Hospitals burned by dishonest executives have tightened financial controls and imposed strict audit reviews of transactions in an effort to regain respect in the aftermath of financial scandal.
These hospitals now scrutinize spending at the department level for patterns of waste or fraud, experts familiar with the institutions say. Boards of trustees now require close oversight of the bid process to ensure it's not colored by conflict of interest or rigged bids.
In many cases, board members have mandated that top executives sign annual conflict of interest statements and pledges to refuse improper gifts and gratuities from vendors.
"Healthcare has become a tainted industry," said Jonny Frank, managing director of Decision Strategies International, a private security firm in New York. "There are very few financial controls within the industry."
Frank said hospitals need to institute financial controls and set up independent monitoring programs after a scandal has been exposed.
"Hospitals need to look at every single department and function that involves money," Frank said. "They have to assume that every person is corrupt."
Paul Roddy, an auditor and partner with Ernst & Young in Orlando, Fla., said hospitals are learning valuable lessons from horror stories of corrupt healthcare executives. And they are utilizing records and data within hospitals as benchmarks.
"Because there is so much more information, it is more likely that even the smoothest operator with a bent toward misappropriation of assets will have his (or her) additional costs cause red flags to go up," Roddy said.
Once such warning signals as unusual expense increases are discovered, Roddy said it is relatively easy for experienced healthcare auditors to go through records and identify embezzlement, misspending or simple waste.
"If you have collusion or if you are absent appropriate internal controls, it is very difficult for an auditor to discover fraud," Roddy said.
In the wake of financial scandals, Manatee Memorial Hospital in Bradenton, Fla., and Cape Coral (Fla.) Hospital have overhauled their financial controls and re-emphasized ethical standards.
Cape Coral implemented internal auditing safeguards and set up a compliance program to monitor purchasing, said Chris Rolle, an attorney with Foley, Lardner, Weissburg & Aronson.
Rolle investigated corruption at Cape Coral and developed a report that became the basis for a criminal investigation and federal convictions of three former executives.
"(Cape Coral trustees) also hired two management companies to help them reel in power," Rolle said. During separate periods over the past two years, Cape Coral was managed by Quorum Health Resources, Brentwood, Tenn., and Health Management Associates, Naples, Fla.
James Nathan, president and chief executive officer of Lee Memorial Health System, Fort Myers, Fla., said Cape Coral will undergo further changes when it is acquired by the public hospital system this summer.

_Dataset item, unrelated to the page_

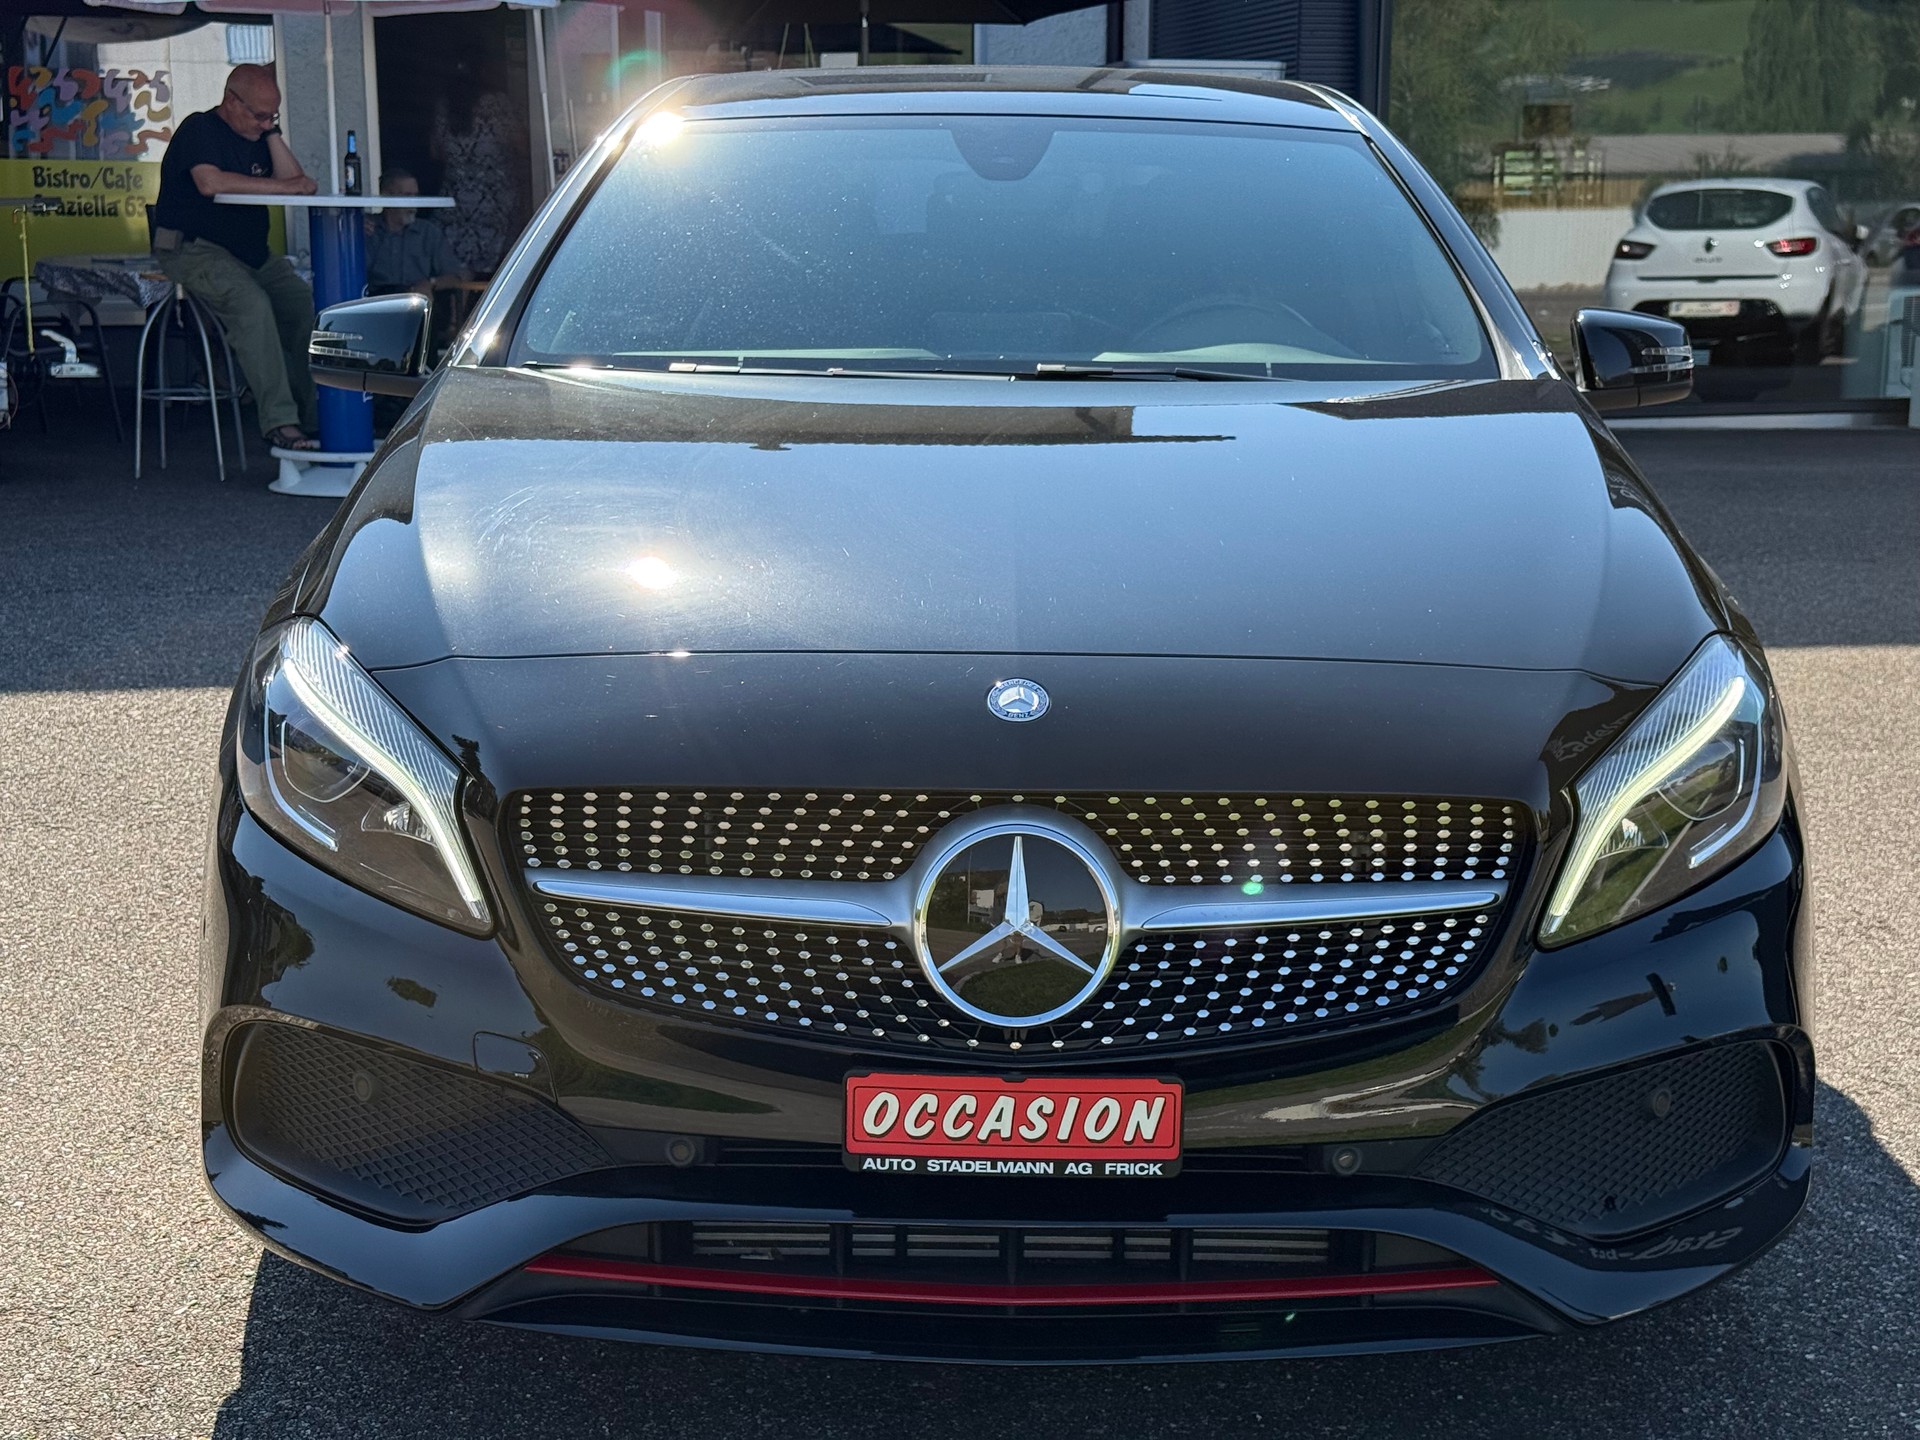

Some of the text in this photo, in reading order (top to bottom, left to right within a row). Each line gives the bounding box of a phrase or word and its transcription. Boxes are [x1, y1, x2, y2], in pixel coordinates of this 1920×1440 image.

[32, 166, 143, 191] Bistro/Cafe
[862, 1091, 1166, 1143] OCCASION
[862, 1157, 1163, 1176] AUTO STADELMANN AG FRICK

"There were no controls two years ago," Nathan said. "We have a public board and internal standards that require an even higher level of openness and accountability (than most private community hospitals)."
At Manatee Memorial, the hospital's in-house attorney accepted an all-expenses-paid trip to the 1995 Super Bowl, according to indictments of several of the co-conspirators. The attorney, who no longer is employed at the hospital, should have reported the trip to corporate executives at Baptist Hospitals and Health Systems, Phoenix, according to testimony at the trial. Baptist owned Manatee Memorial at the time.
If the trip had been reported, as required by hospital policy, Baptist executives would have mounted an immediate investigation, said a source familiar with the case.
Under ownership of Universal Health Services since September 1995, Manatee Memorial operates under much tighter financial and ethical controls, said Michael Marquez, its new president and CEO.
Marquez said purchasing and construction activities are handled through the UHS corporate office in King of Prussia, Pa.
"What happened at (Manatee Memorial) would not be possible under our current practice," he said.
Universal also hired an auditor to ensure that the company's financial controls were effective, Marquez said.
Employees also are required to provide conflict of interest statements. With few exceptions, gifts and gratuities from vendors have been banned, he said.
Following the financial scandal, Marquez said he underestimated the emotional toll the crimes had on employees, physicians and the community.
"My immediate reaction was this happened before this management team got here, (and therefore) we can't be accountable. That was a mistake on my part."
Marquez said the more he spoke with people, the more he realized a sense of "betrayal and resentment" about what had occurred. As a result, it's critical for the company "to do what is right from here on out," Marquez said.
Roddy said ultimately it is up to the community board of trustees to set an example of honesty and integrity for the organization.
"I have personally recommended boards require key decisionmakers to sign conflict of interest statements," Roddy said. "Ask them if they have had any contact with vendors or if they are doing business with companies they have an interest in. It's the job of the board to set the stage and send a positive message."